SECTION27 welcomes the United States Supreme Court decision in USAID vs AOSI
24 June 2013
SECTION27 welcomes the judgment from the Supreme Court of the United States in USAID v AOSI. The judgment held that a law that required organisations to condemn sex work in order to be eligible for funding for HIV related work was an unconstitutional violation of the first amendment right to freedom of speech. The judgment opens the door for much needed and previously prohibited work to realize the rights of sex workers and other people living with HIV or at risk of becoming infected with HIV.
Many South African organisations and health care providers depend on funds from the United States to conduct work around HIV. On 20 June 2013, the Court struck down a US law requiring that no such funds could be used by an organisation “that does not have a policy explicitly opposing prostitution”.
The requirement silenced organisations and health care providers on the front lines of the fight against HIV and hamstrung their ability to effectively work with a group of people that are especially impacted by HIV. For example, until now, such organisations were unable to advocate for the decriminalization of sex work—a much needed change in the law that will be instrumental in the fight against HIV.

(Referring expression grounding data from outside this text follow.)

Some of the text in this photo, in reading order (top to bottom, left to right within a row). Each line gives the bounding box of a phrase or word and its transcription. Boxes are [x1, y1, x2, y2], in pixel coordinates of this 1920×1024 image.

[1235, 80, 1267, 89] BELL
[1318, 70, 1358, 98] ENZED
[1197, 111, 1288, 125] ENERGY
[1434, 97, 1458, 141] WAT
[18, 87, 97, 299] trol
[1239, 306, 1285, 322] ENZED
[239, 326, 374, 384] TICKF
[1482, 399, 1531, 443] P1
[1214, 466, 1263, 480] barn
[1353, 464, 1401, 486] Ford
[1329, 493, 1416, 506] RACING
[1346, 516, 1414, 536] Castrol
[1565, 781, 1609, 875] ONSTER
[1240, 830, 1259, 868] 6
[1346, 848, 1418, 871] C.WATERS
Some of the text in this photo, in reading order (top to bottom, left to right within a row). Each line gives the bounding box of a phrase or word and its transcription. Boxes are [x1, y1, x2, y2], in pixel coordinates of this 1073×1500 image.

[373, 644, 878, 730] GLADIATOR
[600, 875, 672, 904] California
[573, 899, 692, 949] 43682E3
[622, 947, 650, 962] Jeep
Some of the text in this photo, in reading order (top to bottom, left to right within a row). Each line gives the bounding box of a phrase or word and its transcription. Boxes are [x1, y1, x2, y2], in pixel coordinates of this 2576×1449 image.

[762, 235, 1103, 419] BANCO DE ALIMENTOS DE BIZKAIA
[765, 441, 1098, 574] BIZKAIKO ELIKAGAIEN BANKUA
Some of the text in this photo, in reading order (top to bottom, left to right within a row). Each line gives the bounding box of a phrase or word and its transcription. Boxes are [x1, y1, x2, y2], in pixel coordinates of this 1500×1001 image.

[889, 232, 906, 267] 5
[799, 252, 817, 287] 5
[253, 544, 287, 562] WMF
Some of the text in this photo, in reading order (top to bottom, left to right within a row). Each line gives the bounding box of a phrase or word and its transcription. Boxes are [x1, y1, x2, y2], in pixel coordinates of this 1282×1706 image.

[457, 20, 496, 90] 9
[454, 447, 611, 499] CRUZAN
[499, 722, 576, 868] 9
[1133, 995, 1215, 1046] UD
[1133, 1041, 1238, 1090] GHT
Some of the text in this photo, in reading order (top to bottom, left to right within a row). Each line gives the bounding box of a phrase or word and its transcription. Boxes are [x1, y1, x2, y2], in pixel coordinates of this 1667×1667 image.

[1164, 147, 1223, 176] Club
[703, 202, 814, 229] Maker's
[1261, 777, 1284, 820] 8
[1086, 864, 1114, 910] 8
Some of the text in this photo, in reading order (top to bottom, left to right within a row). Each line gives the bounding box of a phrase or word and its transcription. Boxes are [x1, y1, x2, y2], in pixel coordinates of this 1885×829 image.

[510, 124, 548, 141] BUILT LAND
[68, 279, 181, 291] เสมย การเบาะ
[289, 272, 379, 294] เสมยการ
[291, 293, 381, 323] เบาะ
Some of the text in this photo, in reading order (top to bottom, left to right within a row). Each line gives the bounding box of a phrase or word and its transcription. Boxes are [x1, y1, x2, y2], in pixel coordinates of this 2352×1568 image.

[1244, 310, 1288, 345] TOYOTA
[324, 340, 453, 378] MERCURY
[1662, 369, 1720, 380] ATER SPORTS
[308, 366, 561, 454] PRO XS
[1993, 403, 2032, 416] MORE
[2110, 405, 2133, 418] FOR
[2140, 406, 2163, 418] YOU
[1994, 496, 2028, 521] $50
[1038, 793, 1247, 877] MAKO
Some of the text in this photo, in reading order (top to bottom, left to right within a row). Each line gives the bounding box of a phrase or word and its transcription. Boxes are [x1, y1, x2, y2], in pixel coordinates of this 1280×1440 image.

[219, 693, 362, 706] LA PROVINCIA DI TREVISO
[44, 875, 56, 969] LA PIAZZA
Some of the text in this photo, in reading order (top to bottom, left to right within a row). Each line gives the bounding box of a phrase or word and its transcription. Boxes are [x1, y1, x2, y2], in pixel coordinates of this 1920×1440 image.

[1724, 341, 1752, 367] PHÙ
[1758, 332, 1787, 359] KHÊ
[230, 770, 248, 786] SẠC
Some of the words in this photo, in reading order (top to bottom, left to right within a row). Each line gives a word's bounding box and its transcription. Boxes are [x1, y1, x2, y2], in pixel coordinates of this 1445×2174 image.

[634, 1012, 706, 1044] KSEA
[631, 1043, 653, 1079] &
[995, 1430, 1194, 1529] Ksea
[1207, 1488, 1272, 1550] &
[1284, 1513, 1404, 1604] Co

The South African National Strategic Plan on HIV, STIS and TB 2012 – 2016 (NSP) identifies sex workers as a “vulnerable population” and calls for special interventions to treat and prevent HIV in and amongst people involved in sex work. The judgment is a major development in enabling such prevention and treatment in line with the NSP. Organisations that depend on funds from the United States will no longer be silenced about their views on sex workers’ rights and criminal laws that victimize sex workers.
SECTION27 welcomes the decision and celebrates new opportunities in the struggle for the right to health.